Looks very good. Funny a lot of people feel that it needs to be swamped in mozzarella, myself included. My mom used to use Ricotta as well. And I never considered using a grinder for veggies. Very interesting.


----------



## forktender (Jan 5, 2022)

Steve H said:


> Looks very good. Funny a lot of people feel that it needs to be swamped in mozzarella, myself included. My mom used to use Ricotta as well. And I never considered using a grinder for veggies. Very interesting.


Steve, the video is of the northern Italy style Lasagna it's good stuff, but I prefer the Sicilian or southern Italian style of cooking. Which is like you described, mozzarella and ricotta cheese and chopped flat leaf parsley mixed in the ricotta. It's not a right or wrong deal, it's like the bean or no bean chili deal we have here in the US.


----------



## indaswamp (Jan 5, 2022)

Yep Forktender...a lot of foods in Italy are regional and lasagna is no different. When I started making salami, I went looking for original authentic regional recipes. Very difficult to track down as even within the region there are variations of the same salami. Unless there is a P.D.O. designation....


----------



## noboundaries (Jan 5, 2022)

Interesting video. It's not the way I make lasagna but the veggie prep gave me some ideas I may use.

My mother's family was from Southern Italy. She made lasagna that was very soupy and would not keep its structure when portioning. Her sauce was all tomatoes with onion, garlic, and herbs. It was very thin, which I understand is common for the Calabria region.

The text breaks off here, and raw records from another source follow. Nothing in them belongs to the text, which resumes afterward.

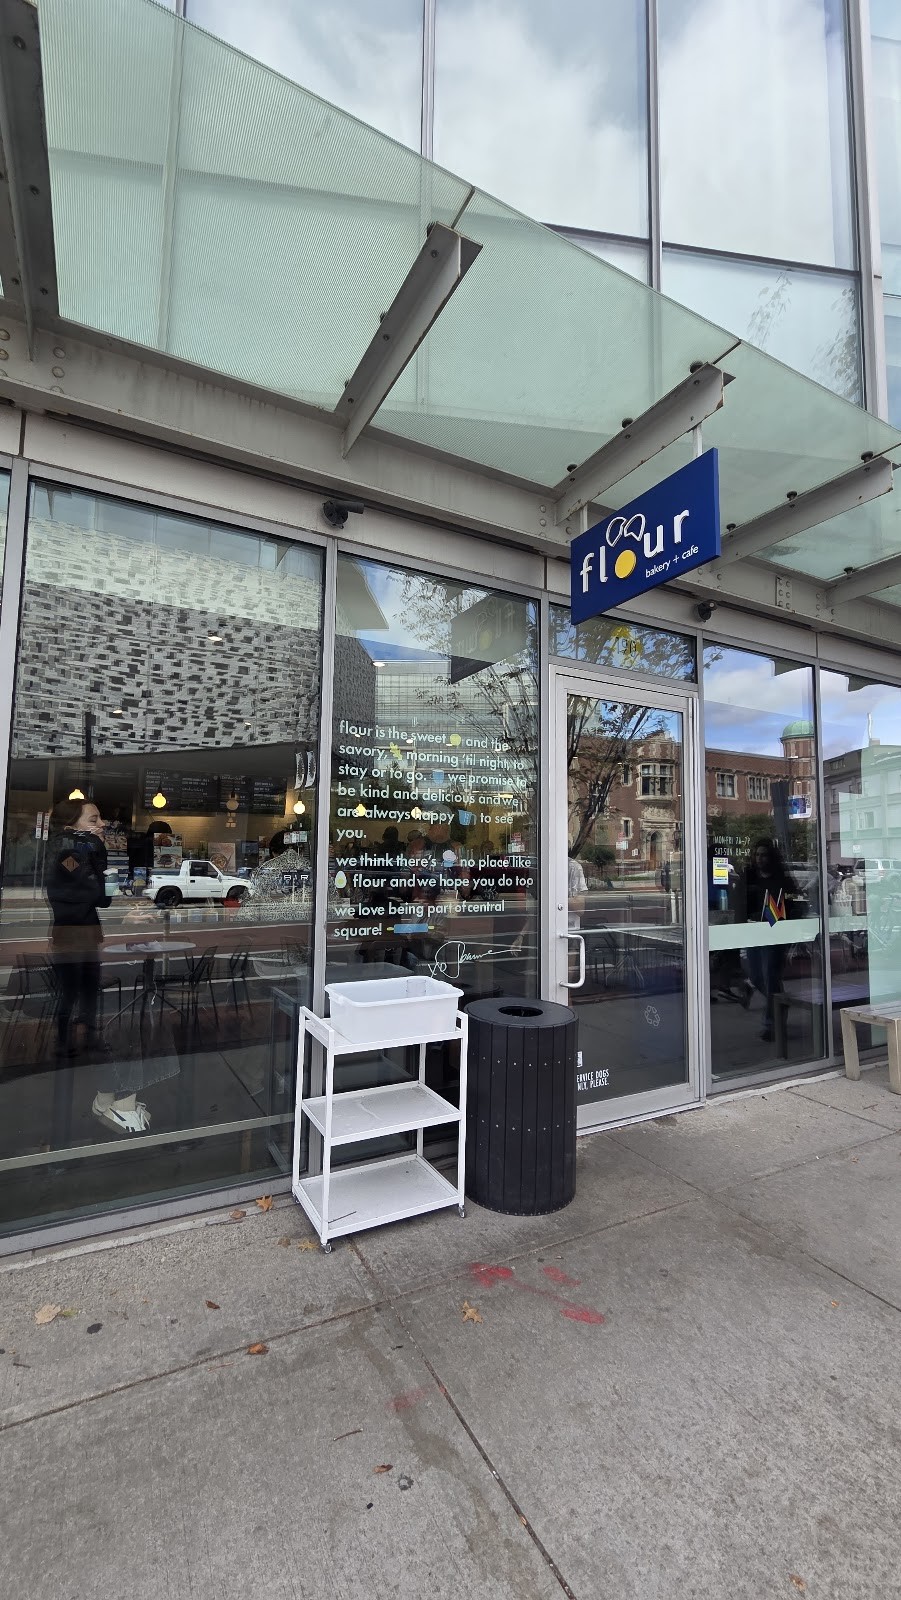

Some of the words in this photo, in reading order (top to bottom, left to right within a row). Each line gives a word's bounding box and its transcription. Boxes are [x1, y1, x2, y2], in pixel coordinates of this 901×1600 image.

[579, 509, 690, 593] flour
[645, 559, 671, 578] bakery
[673, 554, 680, 564] +
[681, 544, 699, 560] cafe
[339, 719, 373, 737] flour
[375, 724, 386, 738] is
[388, 726, 408, 740] the
[411, 732, 446, 744] sweet
[465, 737, 488, 749] and
[491, 737, 509, 751] the
[339, 744, 388, 761] savory,
[406, 750, 459, 767] morning
[513, 760, 525, 770] to
[338, 764, 367, 780] stay
[371, 768, 387, 778] or
[390, 769, 403, 779] to
[406, 771, 427, 784] go.
[448, 773, 466, 783] we
[468, 774, 513, 786] promise
[516, 776, 527, 787] to
[338, 782, 356, 796] be
[360, 783, 389, 799] kind
[393, 787, 418, 800] and
[422, 787, 476, 803] delicious
[478, 793, 500, 805] and
[502, 796, 519, 807] we
[337, 807, 361, 818] are
[364, 804, 411, 823] always
[412, 806, 455, 825] happy
[480, 812, 492, 823] to
[494, 816, 514, 824] see
[336, 829, 367, 841] you.
[336, 857, 357, 867] we
[360, 852, 394, 867] think
[396, 853, 437, 867] there's
[460, 858, 476, 867] no
[478, 855, 510, 871] place
[512, 856, 532, 868] like
[352, 873, 387, 887] flour
[389, 873, 416, 887] and
[417, 877, 437, 887] we
[439, 873, 470, 890] hope
[473, 878, 495, 890] you
[497, 873, 513, 886] do
[515, 875, 534, 886] too
[335, 906, 356, 917] we
[359, 902, 385, 916] love
[388, 901, 424, 917] being
[428, 902, 452, 917] part
[454, 900, 468, 913] of
[467, 900, 505, 912] central
[334, 922, 382, 940] square!
[576, 1072, 594, 1083] ERVICE
[595, 1069, 610, 1079] DOGS
[577, 1081, 588, 1091] NLY,
[590, 1078, 609, 1088] PLEASE.

Once I started cooking for myself at university, I decided I wanted a thicker sauce. After I perfected that, it was time to try lasagna. In separate containers I put my 4 hour sauce,  browned ground chuck, browned sausage, ricotta, mozzarella, and parmesan cheese. The key for me to structure was using uncooked or lightly blanched noodles.

My parents visited us a few years into our marriage. I made lasagna. My mom took one bite and said, "Son, this is better than mine." I've been making it that way ever since. It's no Michelin star, but it was the best compliment I could have ever received.

Hmm, going shopping today. Might have to make a lasagna soon.

Edit: I occasionally add fresh spinach and sweet basil to each layer. The flavors are very subtle and add a nice bit of color. 

I've also made a white lasagna with no tomatoes, but it does include the spinach and basil. It's a completely different taste experience.


----------